Bio
Linda Pietrobelli (2001) and Bri Zamengo (2002) graduated with a Bachelor’s degree in Multimedia Arts at IUAV University of Venice.
In 2023, they formed the collective “LOVELY-RATZ, born from the desire to work together, engaging with the dimension of the other and considering it as necessary for the development of thought.


Statement

By combining performance and photography to explore human dynamics, our research focuses on interpersonal relationships and social roles through queer and transfeminist perspectives, placing relational processes at the core of practice.
  Collaboration is both a method and an ethical position: we understand artistic research as a shared process shaped by relations between people, objects, spaces, and practices, aiming to create spaces for encounter, reflection, and empathetic connection.
  Our work unfolds between aesthetic exploration and conceptual inquiry through performative and embodied practices. We investigate how the body engages with and reconfigures space through perception. Garments act as carriers of identity, bridging fashion and performance as intertwined languages.
  We engage with territory, nature, and communities, using situated and adaptive methodologies informed by care, slowness, and presence. Objects, gestures, and collective actions function as relational mediators, activating shared memory and forms of belonging.
  These processes aim to generate temporary communities and micro-utopian spaces, where affective and political forms of resistance can emerge within everyday life.


I <3 Porto Vecchio


poster
2024


“THE FUTURE IS PORTO VECCHIO” / “porto vecchio mi manchi” 
poster 100 x 70

The two posters were born from the dialogue between street art and the concept of mitteleuropa, creating a link between Brussels and Porto Vecchio (the Old Port) of Trieste.
   In Brussels, near the European Parliament, we found the graffiti statement “THE FUTURE IS EUROPE,” commissioned by a real estate company.

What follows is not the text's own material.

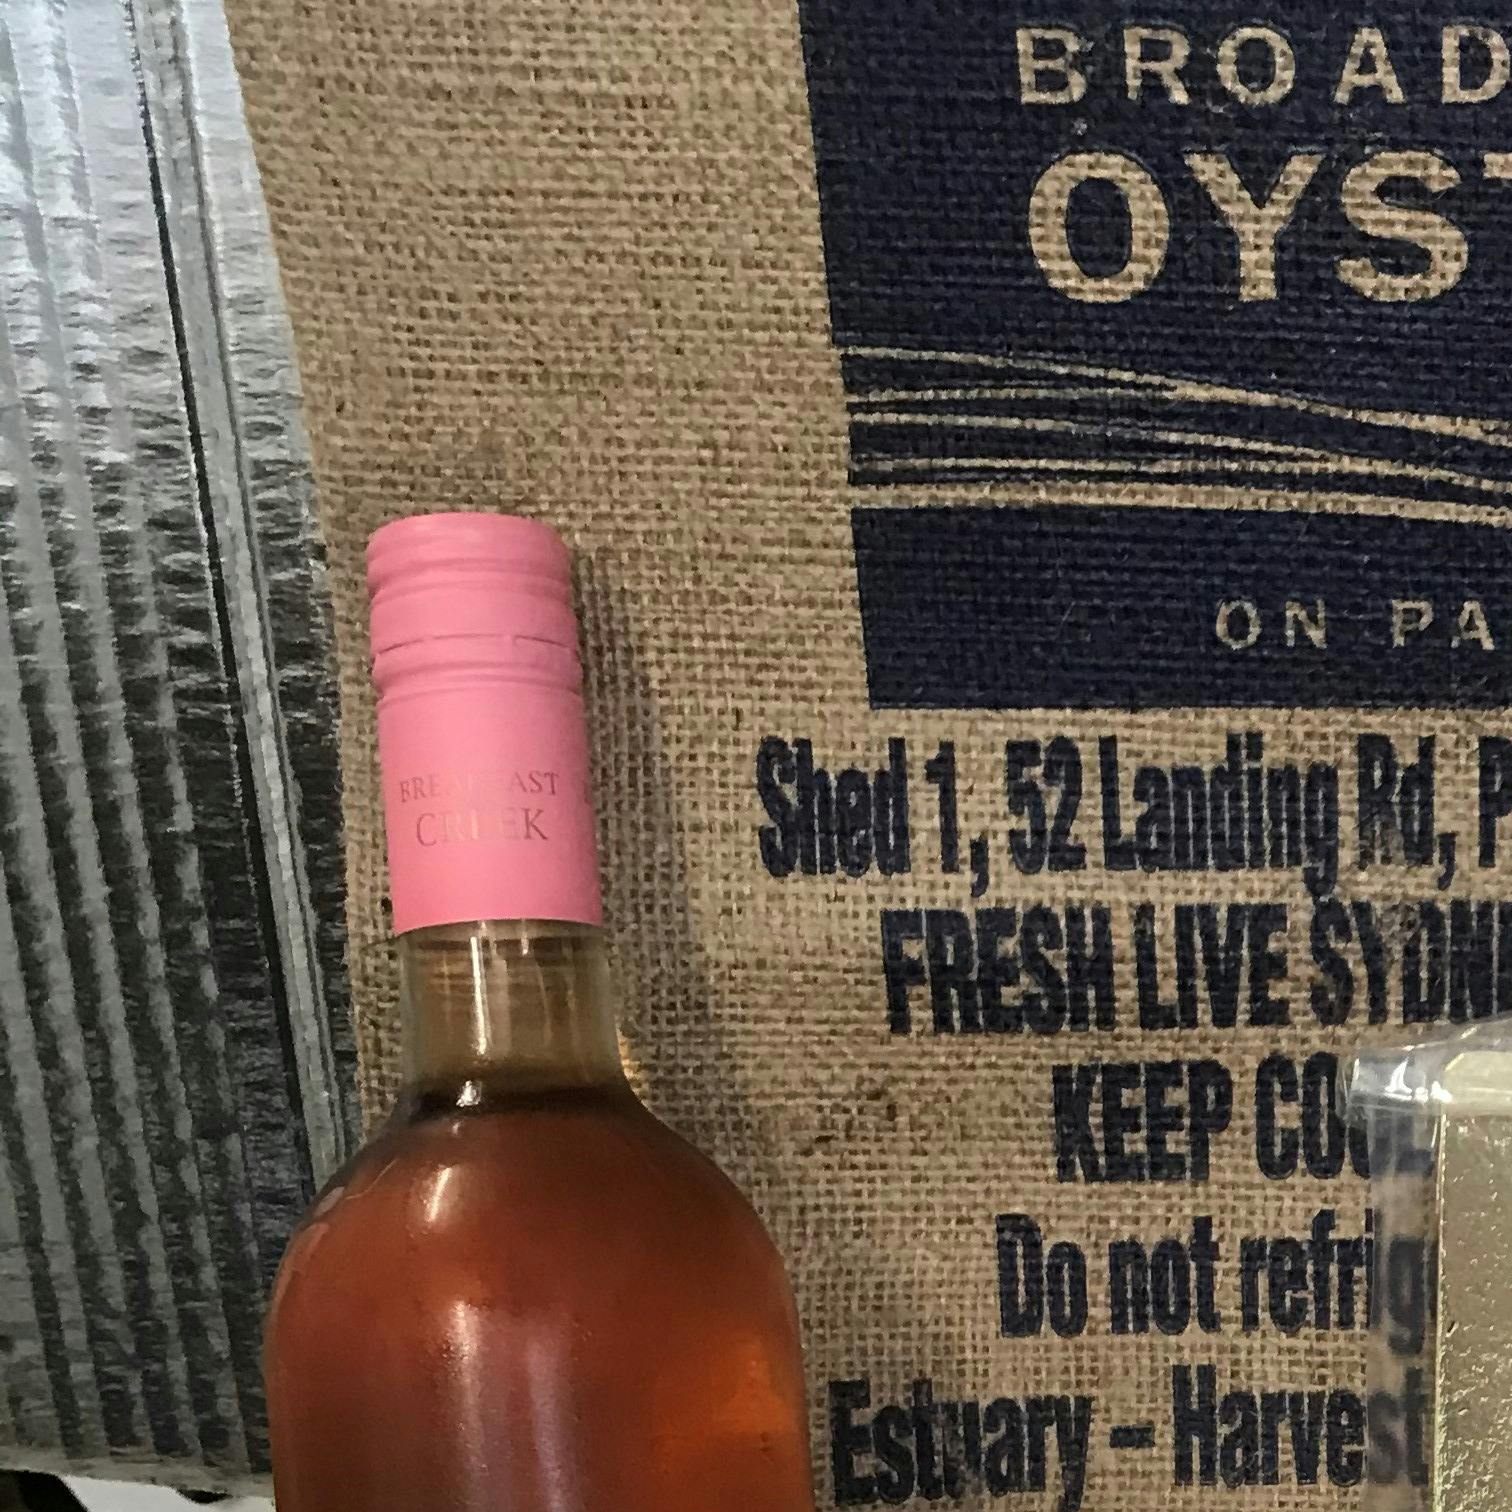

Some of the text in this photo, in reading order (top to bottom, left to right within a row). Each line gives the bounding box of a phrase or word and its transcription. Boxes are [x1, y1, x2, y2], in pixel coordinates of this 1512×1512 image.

In response, we created the phrase “THE FUTURE IS PORTO VECCHIO,” a performative act aimed at challenging the imposed narrative and creating a symbolic connection between the two cities.
   While commissioned graffiti follows an institutional type of communication, the other side of street art — such as tags and spontaneous messages — offers a less constrained, freer form of storytelling capable of expressing both individual and collective identities.
   The poster “porto vecchio mi manchi” (“Porto Vecchio, I miss you”) expresses a shared feeling of nostalgia and presents a direct contrast: while Brussels is full of graffiti that delineates a lived urban identity, Porto Vecchio is instead an abandoned place, lacking such visual expression. Here, the “non-place” manifests as an absence of identity, waiting to be filled with new meanings.
   Finally, an additional connection between Porto Vecchio and Brussels is represented by the stars, found in the architecture of Porto Vecchio’s Monumental Gate, in the logo of the Belgian beer Stella Artois, and in the European Union flag. This formal analogy overlays cultural symbols and explores the perception of belonging to a transnational European space.
   The posters are featured in the publication “POP”, which collects the outcomes of the project “POP Adriatico - Porto Osservatorio Partecipato”.